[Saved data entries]
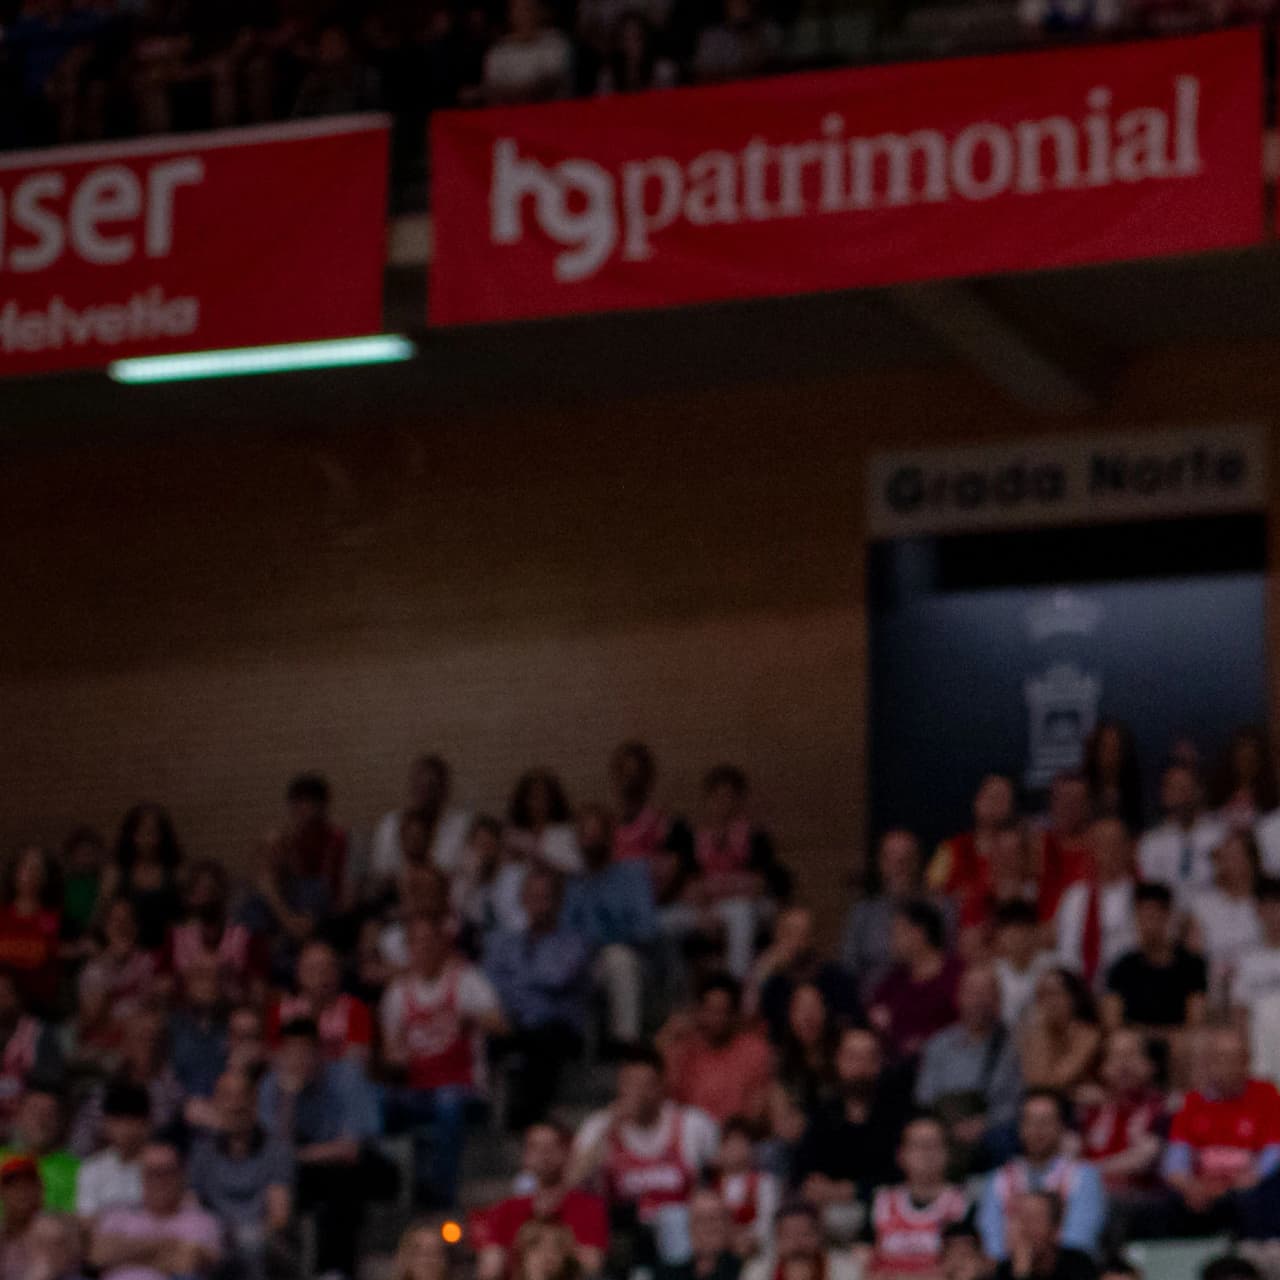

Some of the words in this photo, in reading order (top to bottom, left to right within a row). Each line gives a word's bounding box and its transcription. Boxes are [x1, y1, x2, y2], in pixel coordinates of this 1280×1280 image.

[0, 155, 206, 274] ser
[886, 458, 1068, 514] Grada
[1090, 444, 1246, 496] Norte
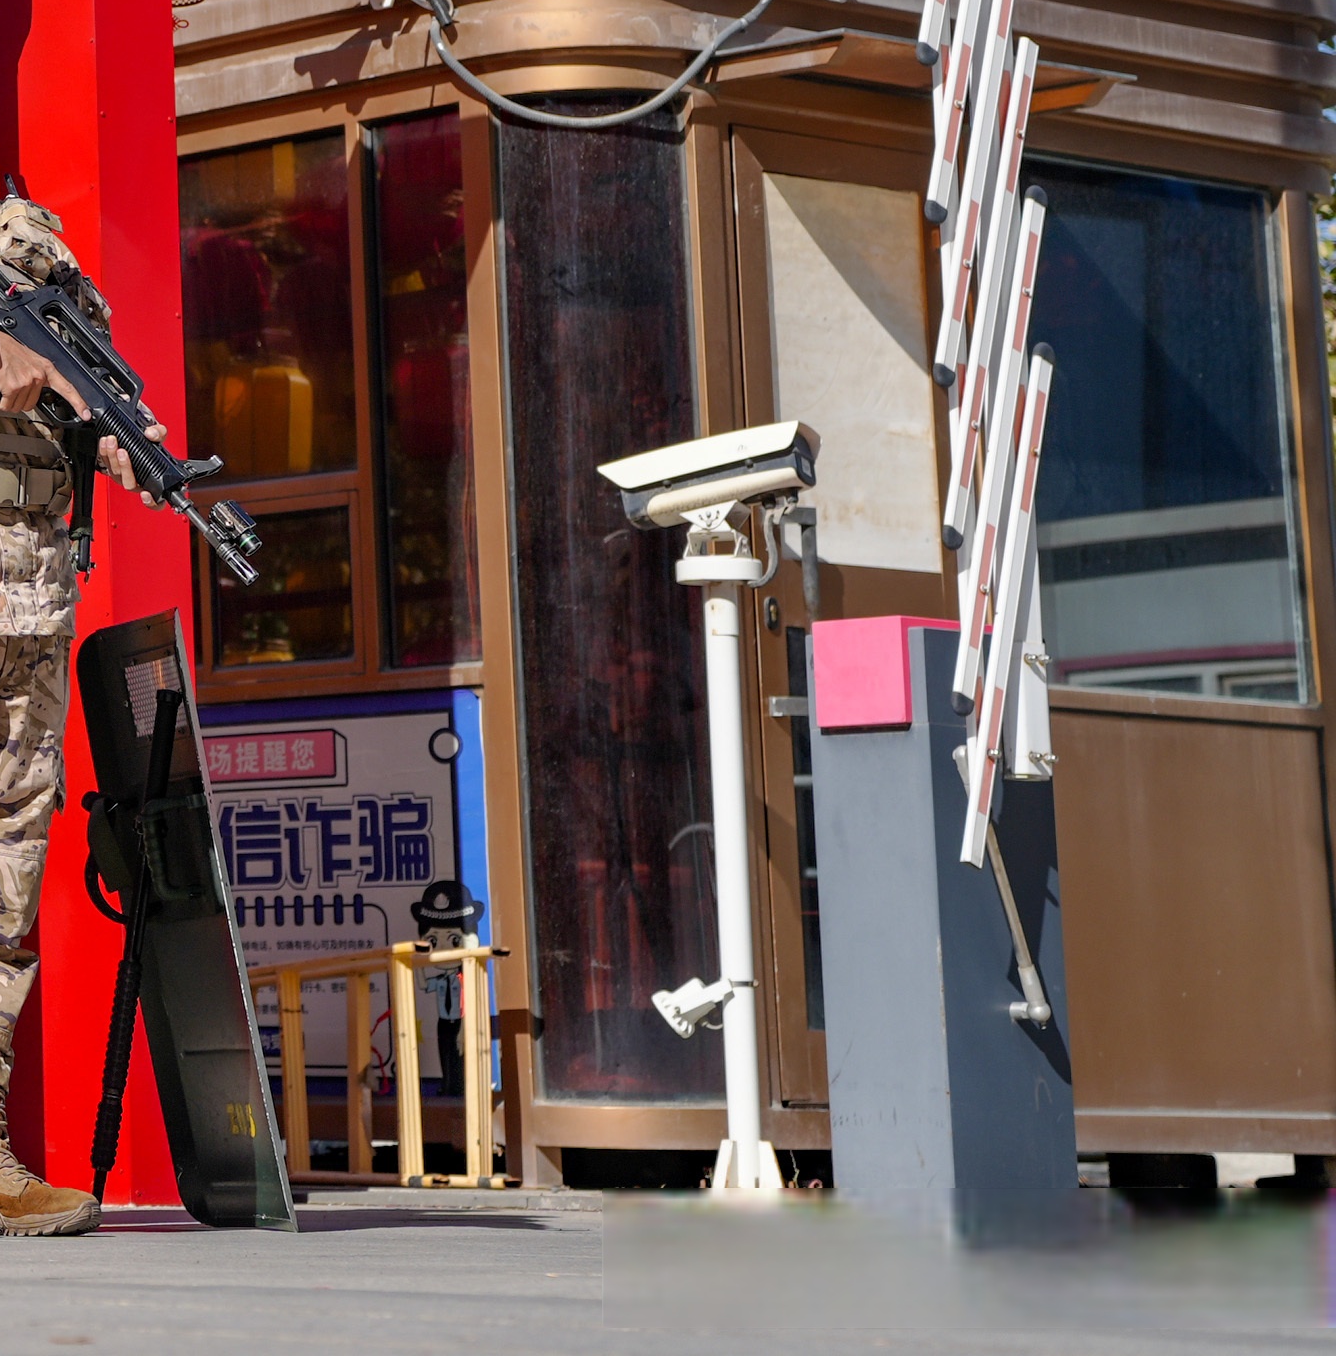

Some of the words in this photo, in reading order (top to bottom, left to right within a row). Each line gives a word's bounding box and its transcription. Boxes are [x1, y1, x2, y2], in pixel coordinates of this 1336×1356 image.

[209, 739, 316, 775] 场提醒您
[219, 798, 429, 886] 信诈骗
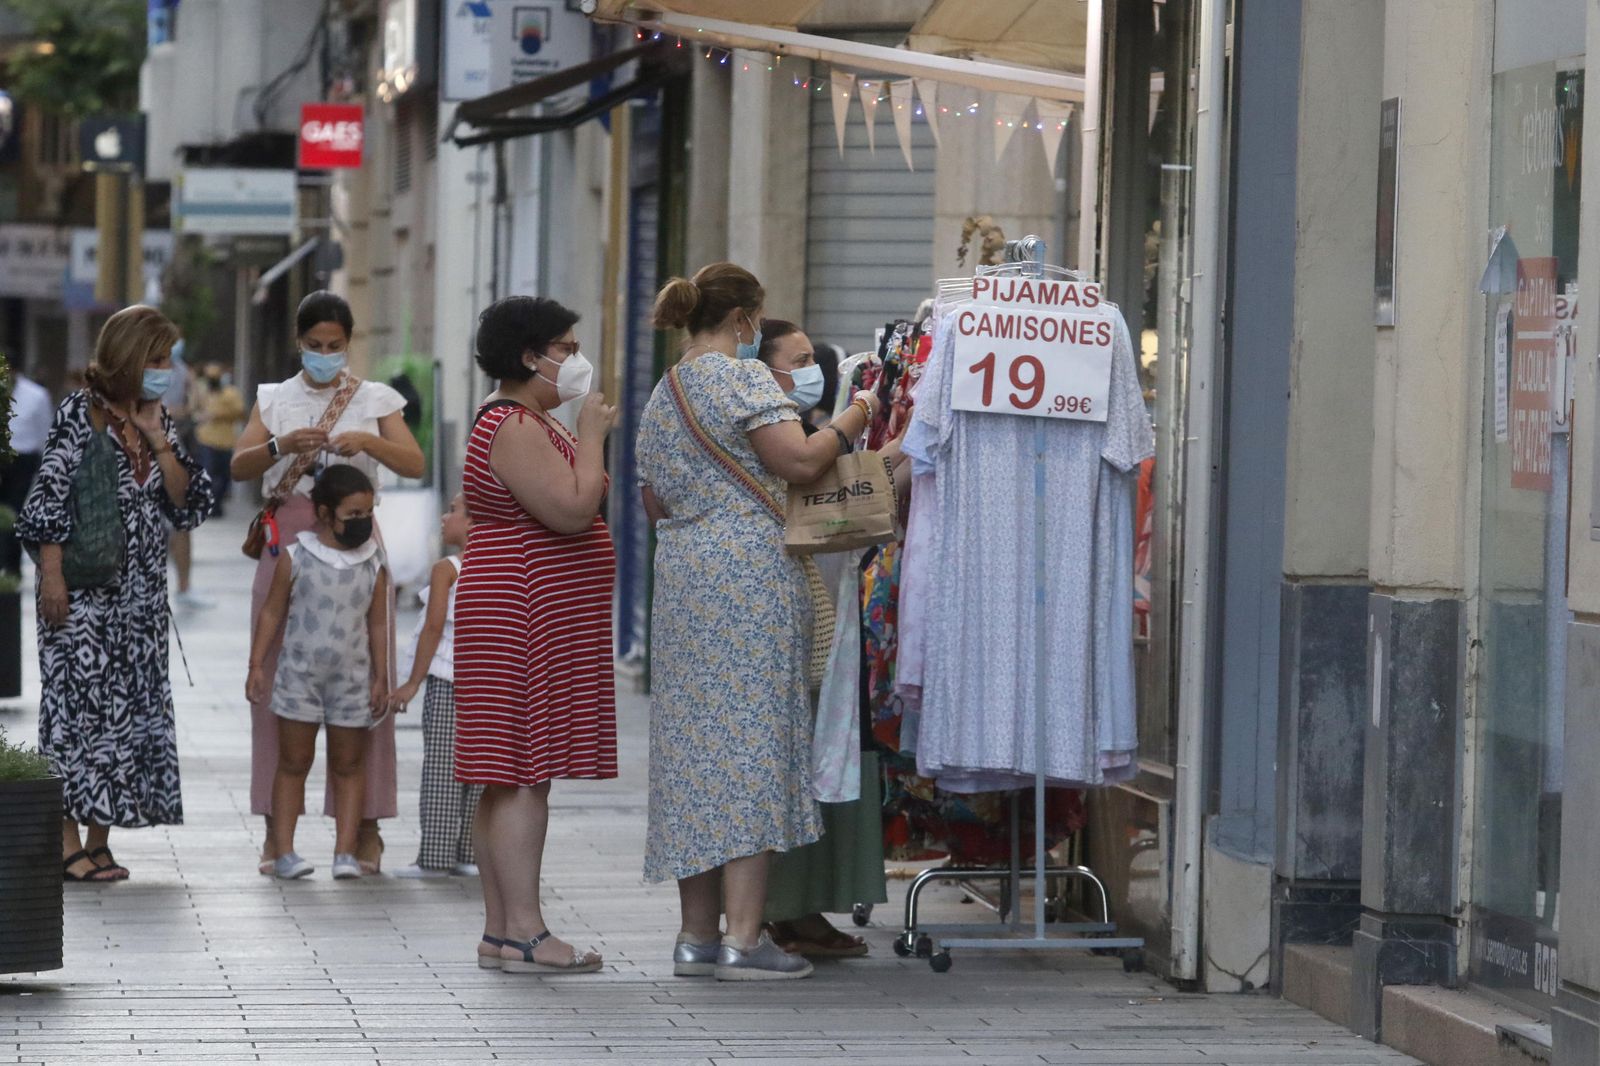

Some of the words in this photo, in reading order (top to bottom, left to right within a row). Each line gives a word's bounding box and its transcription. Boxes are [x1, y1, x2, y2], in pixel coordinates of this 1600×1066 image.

[301, 120, 362, 143] GAES
[1521, 84, 1565, 197] rebajas
[972, 277, 1100, 308] PIJAMAS
[958, 311, 1111, 347] CAMISONES
[1517, 350, 1551, 393] ALQUILA

_What the task asks_: Could you set down every entry above exactly as it stands, with no images?

_Solution to this problem_:
Some of the words in this photo, in reading order (top to bottom, left to right within a row). Each line gives a word's bounding box and its transcription. Boxes are [x1, y1, x2, y2], in pixel coordinates of this 1280×1280 image.

[0, 155, 206, 274] ser
[886, 458, 1068, 514] Grada
[1090, 444, 1246, 496] Norte

Some of the words in this photo, in reading order (top to bottom, left to right within a row). Each line gives a word's bounding box and its transcription. Boxes are [x1, y1, x2, y2], in pixel coordinates of this 1336×1356 image.

[209, 739, 316, 775] 场提醒您
[219, 798, 429, 886] 信诈骗

Some of the words in this photo, in reading order (top to bottom, left to right within a row). Each line gives a word's bounding box and its transcription. Boxes are [x1, y1, x2, y2], in pixel coordinates of this 1600×1066 image.

[301, 120, 362, 143] GAES
[1521, 84, 1565, 197] rebajas
[972, 277, 1100, 308] PIJAMAS
[958, 311, 1111, 347] CAMISONES
[1517, 350, 1551, 393] ALQUILA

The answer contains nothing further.